> [WHAT TO DO] All records below are to be repeated exactly, with the pictures left out.

[STUDY MATERIAL — start]

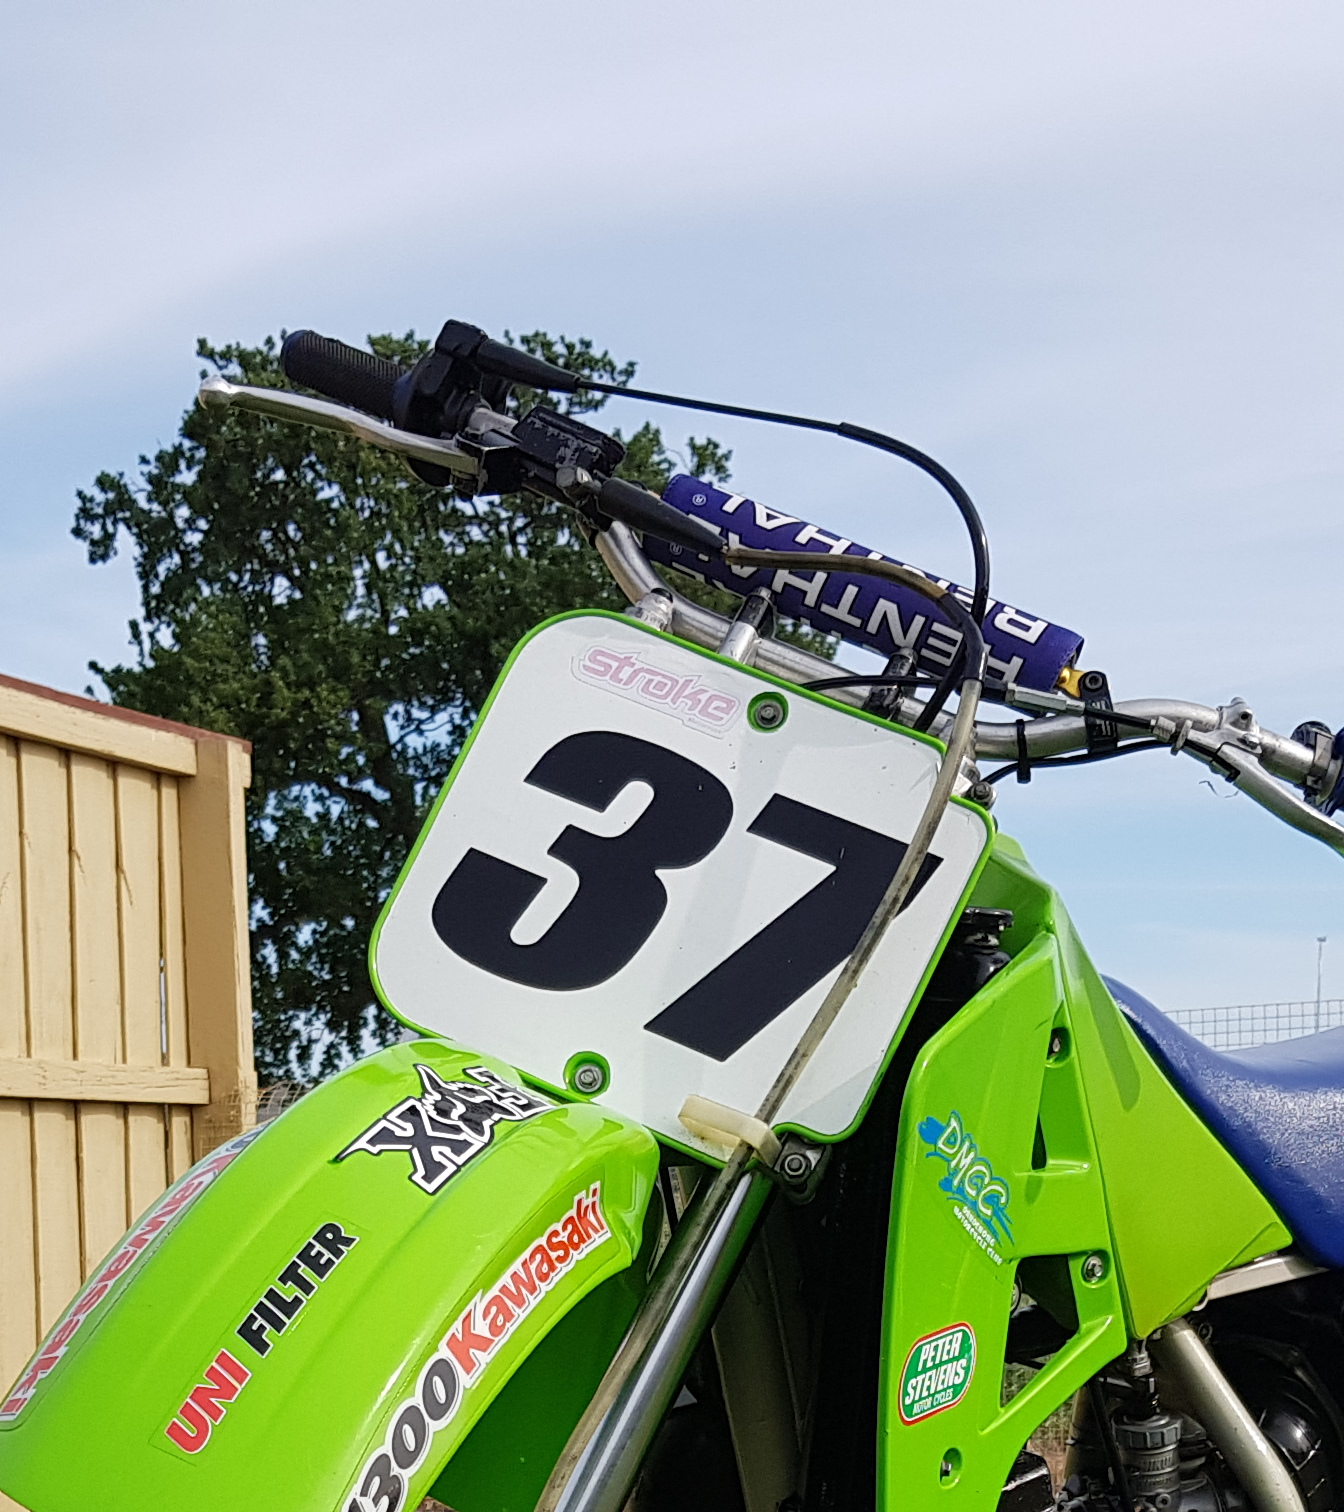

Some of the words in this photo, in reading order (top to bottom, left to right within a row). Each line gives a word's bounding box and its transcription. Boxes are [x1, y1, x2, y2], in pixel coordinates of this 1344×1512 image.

[582, 649, 736, 722] stroke
[431, 730, 944, 1063] 37
[936, 1117, 1006, 1218] DMCC
[165, 1350, 251, 1455] UNI
[235, 1221, 358, 1358] FILTER
[917, 1331, 963, 1371] PETER
[904, 1358, 967, 1405] STEVENS
[932, 1388, 954, 1406] CYCLES

[STUDY MATERIAL — finish]

> [EXPECTED ANSWER]
Some of the words in this photo, in reading order (top to bottom, left to right within a row). Each line gives a word's bounding box and its transcription. Boxes are [x1, y1, x2, y2], in pixel coordinates of this 1344×1512 image.

[582, 649, 736, 722] stroke
[431, 730, 944, 1063] 37
[936, 1117, 1006, 1218] DMCC
[165, 1350, 251, 1455] UNI
[235, 1221, 358, 1358] FILTER
[917, 1331, 963, 1371] PETER
[904, 1358, 967, 1405] STEVENS
[932, 1388, 954, 1406] CYCLES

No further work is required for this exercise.